Jennings' Irish career was 13 years old then. He had been given a debut in 1963 while at Watford. It was at Swansea and he roomed with the other Northern Ireland debutant that day, George Best. It was the beginning of a long friendship. The two roomed together on each of Best's 37 internationals.
Jennings is not a man prone to melodrama but his tone becomes wistful when speaking of Best – and of Jimmy Greaves. One was the greatest ever Irish footballer and the other was, arguably, the greatest ever English player. Jennings knew them both intimately.
Eventful season
“There’ll never be another Jimmy Greaves, I know that. Such quick feet. In my first international in Belfast, England beat us 4-3 and Jim scored a hat-trick past me by half-time.
“He was brilliant for me, gave me so much encouragement. ‘You’re going to be the best,’ he’d say after I’d made a mistake. I’ll not forget that.
“Me and George, we weren’t two opposites exactly, we suited each other. If George wanted to talk, I was there. He was a really clever lad.
"I was so disappointed he didn't make it in either 1982 or '86. Billy Bingham looked at him in '81 and was thinking of it. It seems such a waste for George that he didn't get to a World Cup. His funeral that day in Belfast was painful. It felt like a bit of everyone had been lost."
With Dutch opposition on Tottenham's mind, Jennings remembers Best's performance in Rotterdam in 1976. Holland were at their peak, between two World Cup finals, and Best was at Fulham. Northern Ireland drew 2-2. The Dutch captain was Johan Cruyff.
"If Graeme (Souness) had stayed, the club would have had a different path. That was one of the great wastes."
"George ran riot," Jennings says. "They pushed Johan Neeskens back to do a man-marking job on him and he nutmegged Neeskens about six times. George finished up taking his tie-ups off his socks and offering them to Neeskens so he could tie his legs together."
It was an eventful season, 1976-77, for Jennings. It ended, amazingly, in Spurs’ relegation. Even more amazing was that the club’s reaction was to sell Jennings – to Arsenal.
He was 32 and says “it was the worst day of my life in football”. But he recovered and stayed eight years at Highbury, joined the Arsenal Irish of O’Leary, Nelson, Rice, Stapleton and Brady. He won another FA Cup and the respect of Arsenal fans.
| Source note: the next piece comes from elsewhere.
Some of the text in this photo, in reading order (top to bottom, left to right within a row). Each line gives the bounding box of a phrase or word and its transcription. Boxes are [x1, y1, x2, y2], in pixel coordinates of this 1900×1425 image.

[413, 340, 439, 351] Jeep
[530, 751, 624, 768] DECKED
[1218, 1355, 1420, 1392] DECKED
Peter Shreeves called him back to White Hart Lane in 1985 and Ossie Ardiles asked him to come in and coach the 'keepers in 1993. Jennings is still here, into his 39th Tottenham year.
He is not a man to preach – it was not easy for his generation to follow the Double-winning team – but there is a lesson about investment. Spurs sold Greaves, Dave Mackay and others such as the young Graeme Souness and ended up relegated. Jennings witnessed Souness's young brilliance; Spurs could have had a Hoddle-Souness midfield.
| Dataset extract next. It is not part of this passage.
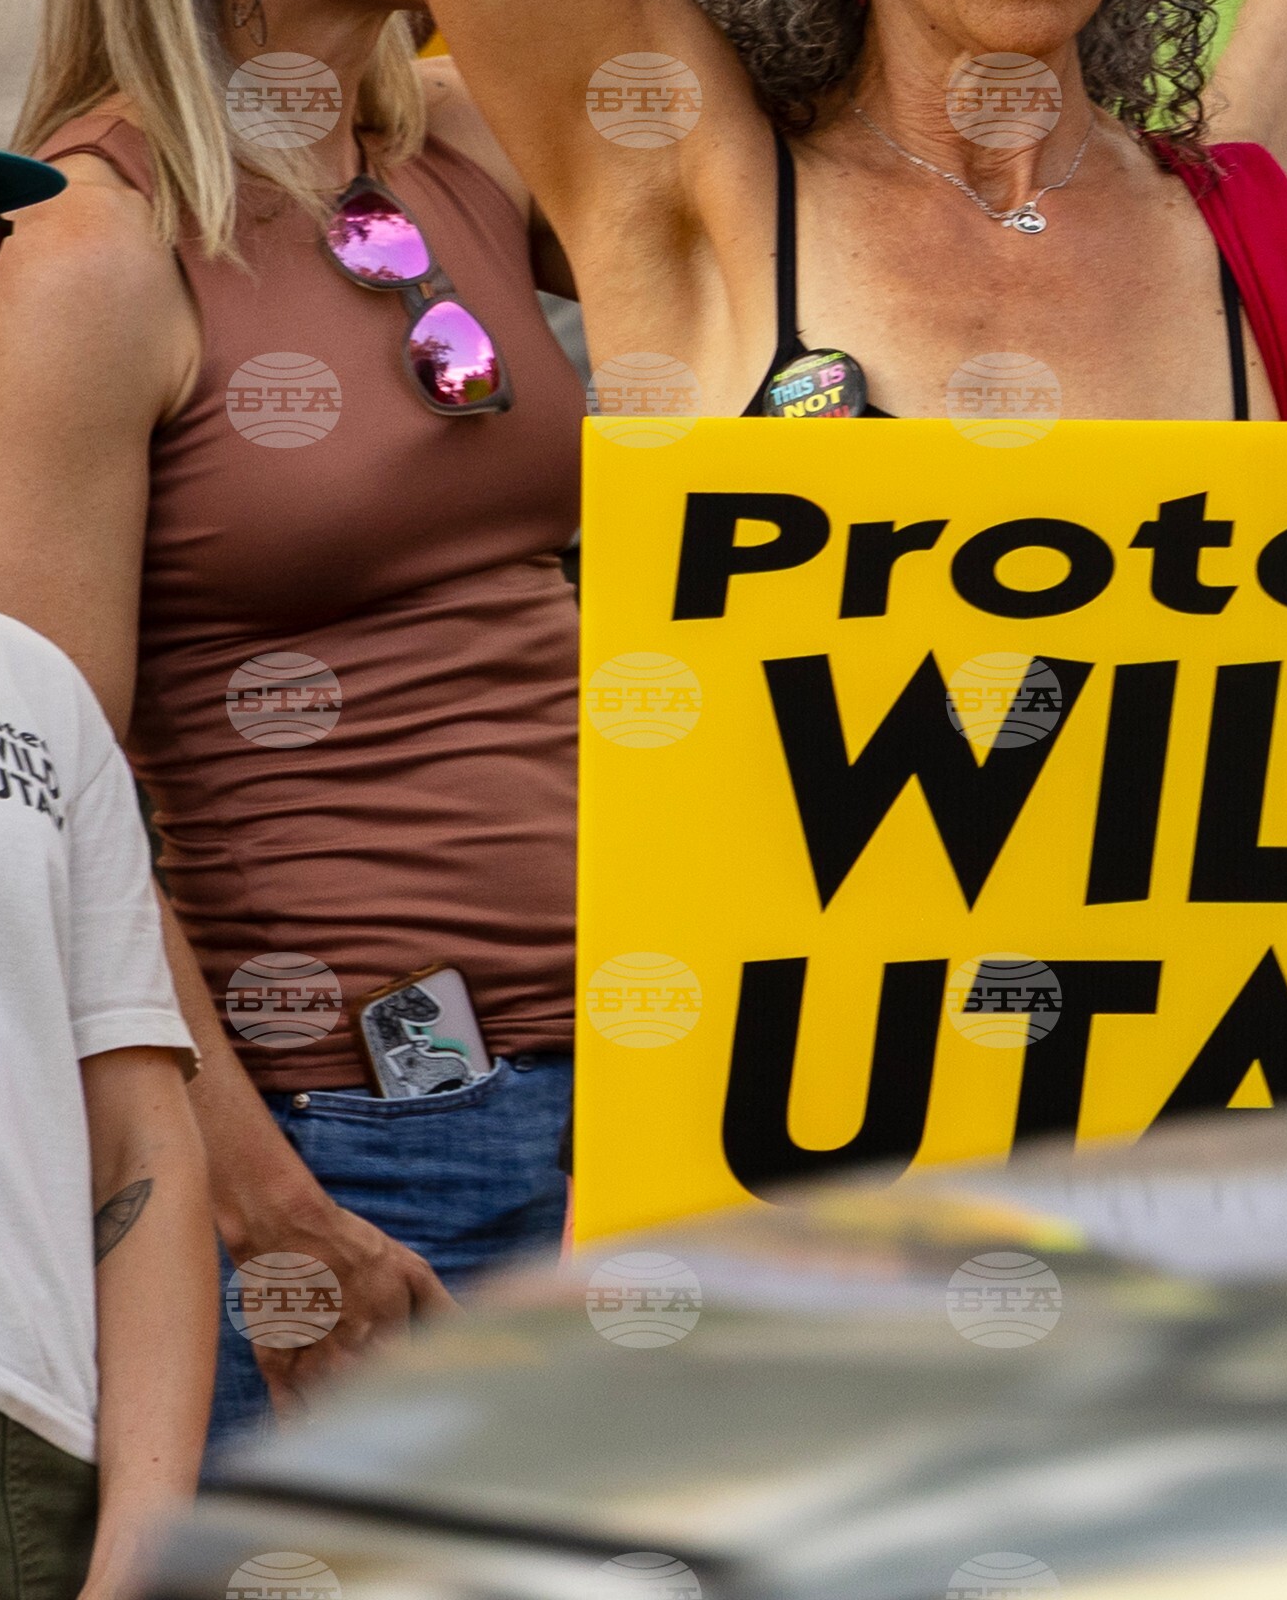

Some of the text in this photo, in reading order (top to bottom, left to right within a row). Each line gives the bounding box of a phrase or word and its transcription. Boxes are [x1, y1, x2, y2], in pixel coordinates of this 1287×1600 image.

[770, 375, 814, 406] THIS
[818, 362, 847, 388] IS
[782, 385, 845, 418] NOT
“If Graeme had stayed, the club would have had a different path. That was one of the great wastes.”
When he looks around him today, Jennings sees a club with foundations, strength, ready for a different path.
“Poch is a gentleman, a lovely man. Demanding, too, I’d say – players wouldn’t be taking any liberties with him. He’s a great team around him and with the chairman they’ve done an unbelievable job. Hopefully we can push on – win the Champions League, get top four.”
He nods at passing Academy boys. “Oh, they’re brilliant. We have to be realistic with them, they aren’t all going to play for Tottenham. We tell them not to waste a day.”
Pat Jennings didn’t. Different football worlds, different Tottenham landscapes, he’s still here; “still love it” he says. As his car pulled away, two young fans stopped him. He rolled down the window. “My granddad says you’re a legend, will you give him a message?” Jennings speaks into the boy’s mobile phone: “Come on you Spurs,” he says.
And then the legend drives on.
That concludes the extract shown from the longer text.